L'endroit est plutôt
chaleureux et convivial. Situé dans l'une de ces ruelles pittoresques de
l'ancienne ville intra-muros de Tébessa. Le kiosque multiservices, appelé
communément taxiphone, fait drainer du monde. Khali,
maître des lieux, en a vu des vertes et des pas mûres.
C'est le rendez-vous incontournable,
cela fait des années, les gens y viennent chercher leurs journaux, un lectorat
diversifié, même si les quotidiens francophones sont plus prisés par des
lecteurs d'un certain âge, des cadres des fonctions libérales, médecins,
avocats, bureaux d'études. Et voilà, la discussion spontanément s'installa
autour d'un quelconque sujet de l'actualité. Tel un aimant, chacun s'accroche
au wagon, d'un débat à bâtons rompus, la vie de tous les jours, ses
impondérables, ses espérances, avec parfois un goût d'inachevé. Parmi les habitués
de la boutique, plusieurs franges de la société et catégories
socioprofessionnelles sont représentées, l'enseignant vindicatif, le cadre
retraité et certains jeunes à l'écoute de leurs aînés. Si Ali, l'ancien maire
de la cité, le premier locataire élu de la municipalité, de l'Algérie
indépendante. Les anecdotes, il en connaît, pour extirper de l'histoire une
date, un évènement, la mémoire toute fraîche, le regard pétillant de quelqu'un
ayant vécu les moments les plus forts de la révolution et les prémices d'une
indépendance acquise chèrement, avec son éternelle question : « Le savez-vous ?
» Si Ali Alia se rappelle de tout cela avec précision et il l'évoque avec
émotion et recueillement pour toutes les personnes qu'il avait côtoyées durant
toute sa carrière, d'un personnage marquant de la ville et ce, depuis des
décennies. Si Ali, du haut de ses 82 ans, a été immortalisé par le rôle tenu
par l'acteur égyptien Izzat El Alaïli
dans le film d'Ahmed Rachedi «Le moulin de monsieur
Fabre », sorti en 1986, une page d'histoire du pays d'une indépendance
balbutiante, les péripéties d'un moulin nationalisé, d'un modeste meunier campé
par l'acteur français Jacques Dufilho, sur fond de
couacs de gestion politique, la fiction avait pour cadre Tébessa. Et puis, il y
a Mohamed, le lecteur invétéré, le dévoreur de livres, les foires du livre font
partie de son univers, c'est son dada préféré, avec un penchant pour la
littérature romanesque algérienne, Wacini Laâradj, Yasmina Khadra, Nina Bouraoui, Malika Mokkadem, Mohamed
Sari Amin Zaoui et d'autres. On venait chaque jour
chez Khali pour se retremper dans une ambiance bon
enfant, pour dérouler le cliché de séquences révolues d'un lointain passé,
encore vivaces, qu'on n'arrive pas à s'en débarrasser. Des personnages bien
ancrés dans les esprits, Kaddour, l'ancien chef
d'établissement éducatif reconverti en un agriculteur averti, se replonge de
temps à autre pour nous parler de l'école d'antan, celle qu'il aimait gérer.

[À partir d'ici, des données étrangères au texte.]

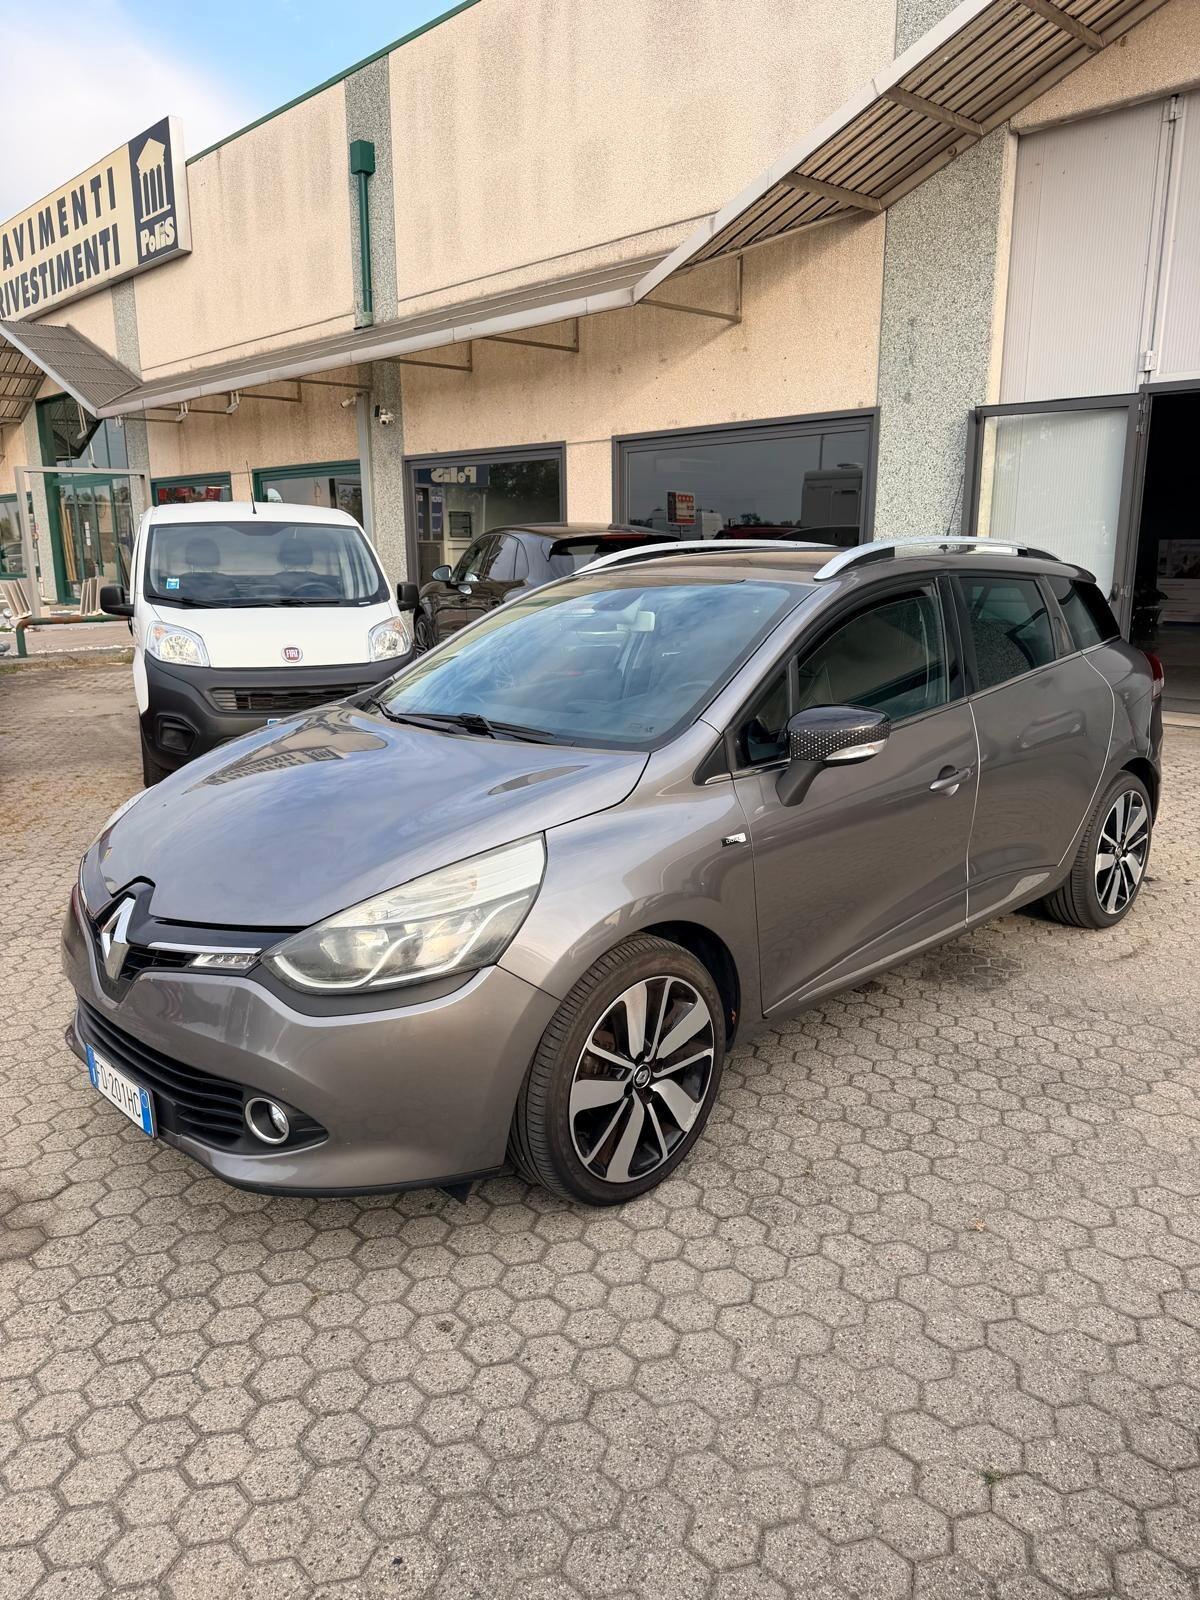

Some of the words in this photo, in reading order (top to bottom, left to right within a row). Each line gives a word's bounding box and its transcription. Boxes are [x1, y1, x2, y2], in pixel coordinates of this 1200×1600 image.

Slimane, le râleur et acariâtre à la mémoire fertile;
l'autre, Mohamed, l'ex-cadre de la Santé, un touche-à-tout, aux connaissances
éclectiques, toujours sur ses gardes pour remettre les choses à leur place,
quand cela ne lui plaisait pas. L'endroit est un va-et-vient de gens, du coup,
les visages deviennent familiers et des relations se tissent vite. Ghanou en fait partie, un jeune alerte, vendeur de journaux
de son état, d'une disponibilité exemplaire, très fidèle à ses clients. Chaque
fois, il doit parcourir une longue distance pour remettre à chacun son journal.
Qu'il vente ou qu'il pleuve, Ghanou est toujours à
l'heure. Et la cerise sur le gâteau arrive enfin, Bassem
l'inénarrable, l'homme qui tire plus vite que son ombre, le zélateur par
excellence. Il est là pour chauffer le débat avec ses nombreuses interventions
intempestives au grand dam des présents !! Le bonhomme
trouve toujours le moyen pour faire passer son message, critiques et
commentaires vont bon train. Et la journée finit dans la bonne humeur, au
revoir et à demain !!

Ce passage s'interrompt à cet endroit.